Bono Mack, seconded by members on both sides of the aisle, said the government needed to take decisive action on a uniform standard. She said that companies have a responsibility to protect personal information, but that lawmakers need to make sure that is going to happen.

Ranking subcommittee member G.K Butterfield (D-N.C.) said he was ready to work with Bono Mack on a strong, bipartisan bill. Businesses must do everything they can to protect the shopping, bill-paying, entertainment, and communications that is all being done online and the information that is being shared. He pointed to the 46 state laws on breach notification, but said there needed to be a federal standard, without which he said consumers would continue to be exposed.

He pointed out that former Subcommittee Chair Bobby Rush (D-Ill.) had proposed a data security bill that passed the House and stalled in the Senate. He said that would be a good foundation for a new effort to give online consumers piece of mind and help boost e-commerce by making people more comfortable with such transactions.

Sony PlayStation network exec Tim Schaaff, who was a witness at the hearing, said that it was easy to focus on Sony, but everyone was building networks out of the same basic ingredients and that there could be weaknesses at vendors they were building their products from. He said that without some data security assistance from government, the internet economy was going to be in a "world of hurt," and that Sony strongly supported a federal standard and would be glad to work with Congress on developing it. He quantified Sony's particular world of hurt with the recent data breach, estimating the cost to Sony at $170 million.

Just how promptly Sony had informed its online PlayStation Network customers about the data breach affecting some 77 million accounts was a topic of much discussion at the hearing.

Bono Mack, who called Sony "ground zero" in the war to protect online information, said she was concerned that Sony did not have more robust protections in place before the attacks and said she was troubled by the length of time it took to tell users about the breach, and that the first notification was on the Play Station blog.

Schaaff said that the company did have protections in place, just insufficient to deal with what he called an attack unprecedented in its size and scope. He said that the blog was the fastest and most effective way of letting users know that a breach had occurred, which notification came only two days after the company had determined there was "credible" evidence of the breach. He pointed out that the blog was a popular place for users to get info about the network, and was just behind the White House in activity among web blogs.
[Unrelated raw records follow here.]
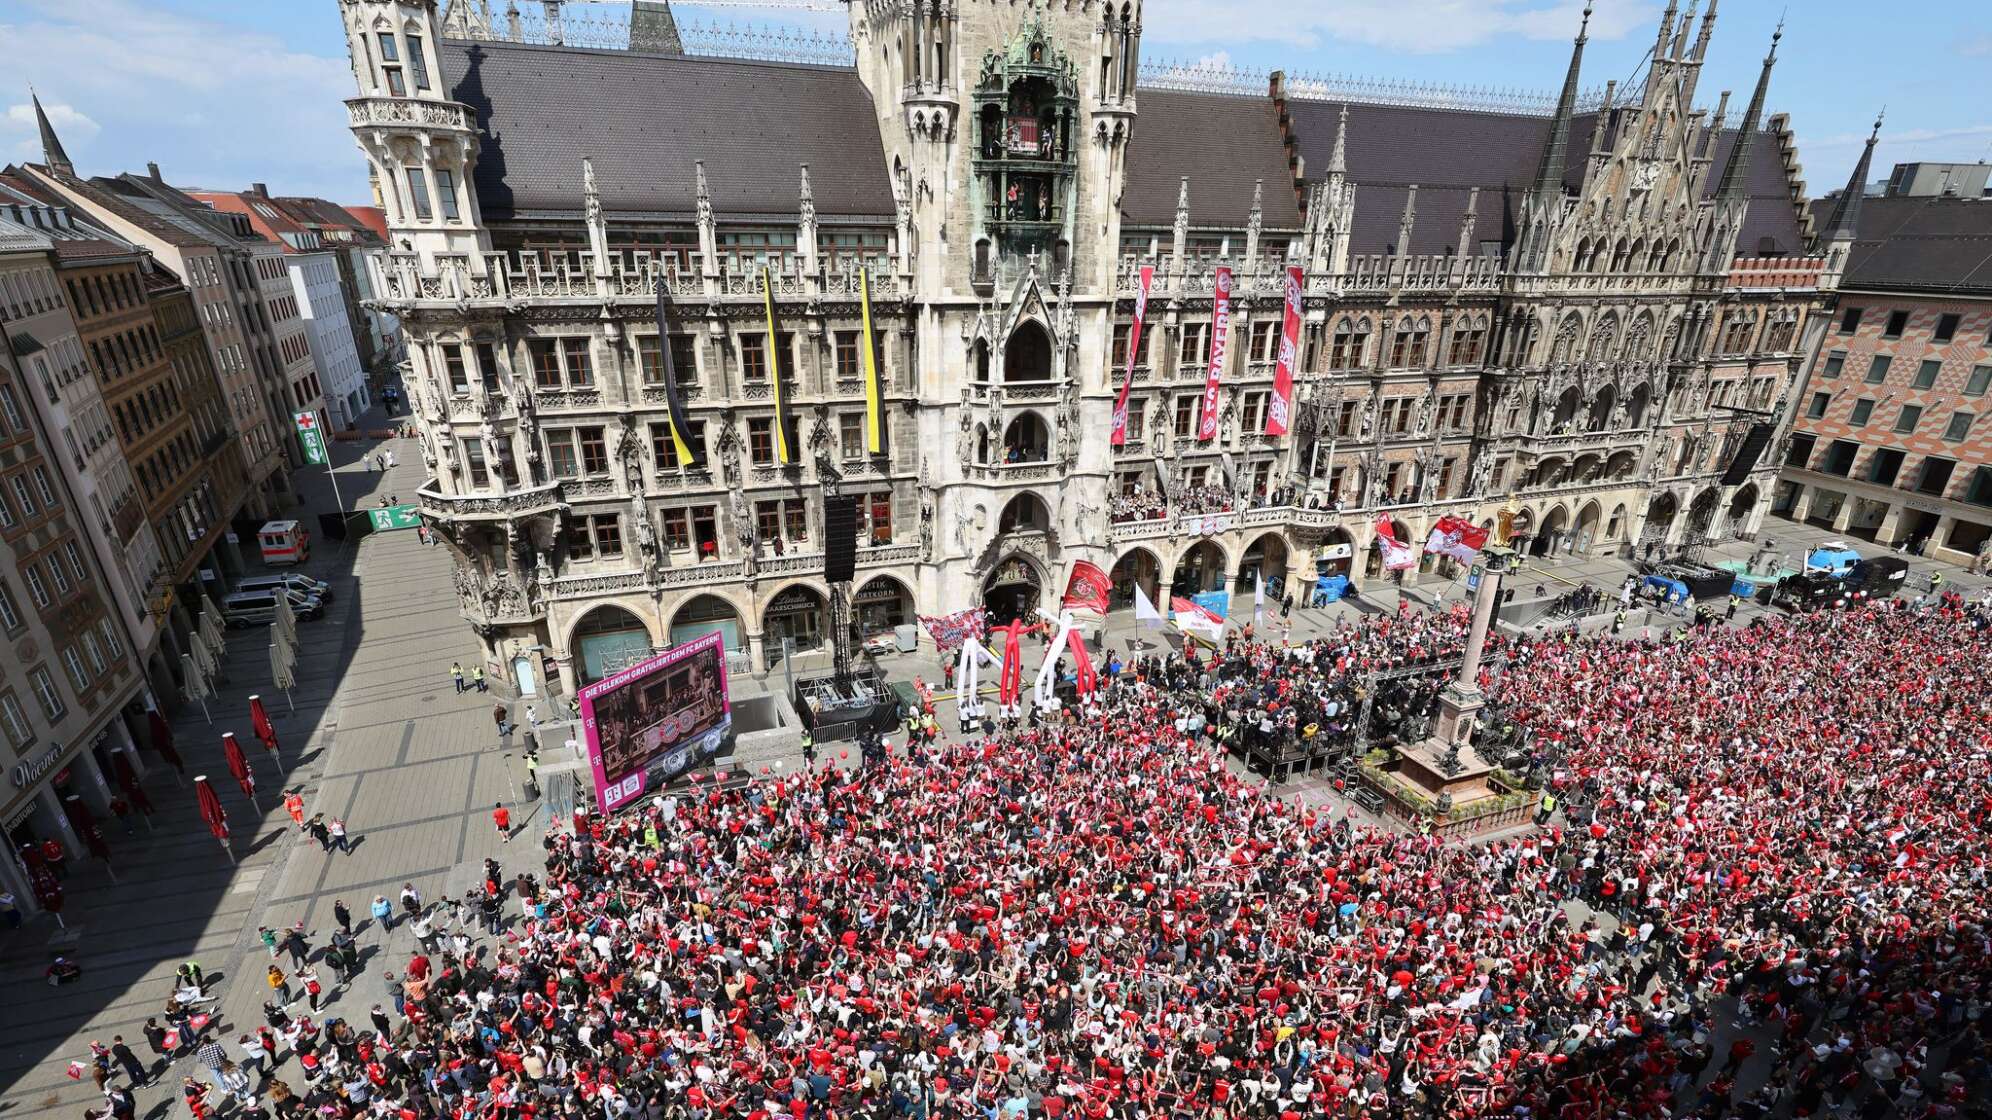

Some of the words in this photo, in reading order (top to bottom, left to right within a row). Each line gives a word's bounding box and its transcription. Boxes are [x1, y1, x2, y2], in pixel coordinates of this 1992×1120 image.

[1210, 300, 1230, 381] BAYERN
[1205, 387, 1217, 412] FC
[1472, 566, 1479, 575] S
[1470, 575, 1477, 585] U
[585, 688, 598, 699] DIE
[598, 673, 632, 695] TELEKOM
[631, 656, 671, 679] GRATULIERT
[671, 649, 687, 661] DEM
[686, 644, 696, 654] FC
[694, 634, 721, 651] BAYERN!
[586, 718, 595, 729] T
[593, 755, 602, 766] T
[607, 786, 620, 802] T
Sony did not warn customers that their credit card info might have been breached until April 26, seven days after they first noticed something fishy (or "phishy" as the case may be) with the network. That time lapse was criticized by several legislators at the hearing. Schaff said that they were trying to strike a balance between "giving people the information they need, when they need it," and "sounding false alarms or so many alarms that these warnings are ignored."

Given that Sony subsequently has found no evidence that credit card #'s were taken, he said they still debated whether they should have waited rather than issuing the April 26 public notice that the numbers might have been compromised.

Schaff pointed out that Sony had plenty of high-profile company in being the subject of successful hacks, citing cyber attacks Lockheed Martin and the Oak Ridge National Laboratory--the latter which "helps secure the nation's energy grid"--in the last two months. "As frustrating as the loss of networks for playing games was for our customers," he said. "The consequences of cyber attacks against financial or defense institutions can be devastating for our economy and security."

Schaff said the company supported legislation that would: "(1) provide consumers the assurance that if and when their personal data is compromised, they will receive timely, meaningful and accurate notice of this fact; (2) ensure that consumers receive helpful information on what measures they can take to mitigate any potential harm; and (3) provide uniformity so consumers are treated equally no matter what state they live in and businesses no longer have to navigate varying and sometimes seemingly conflicting state laws in this field."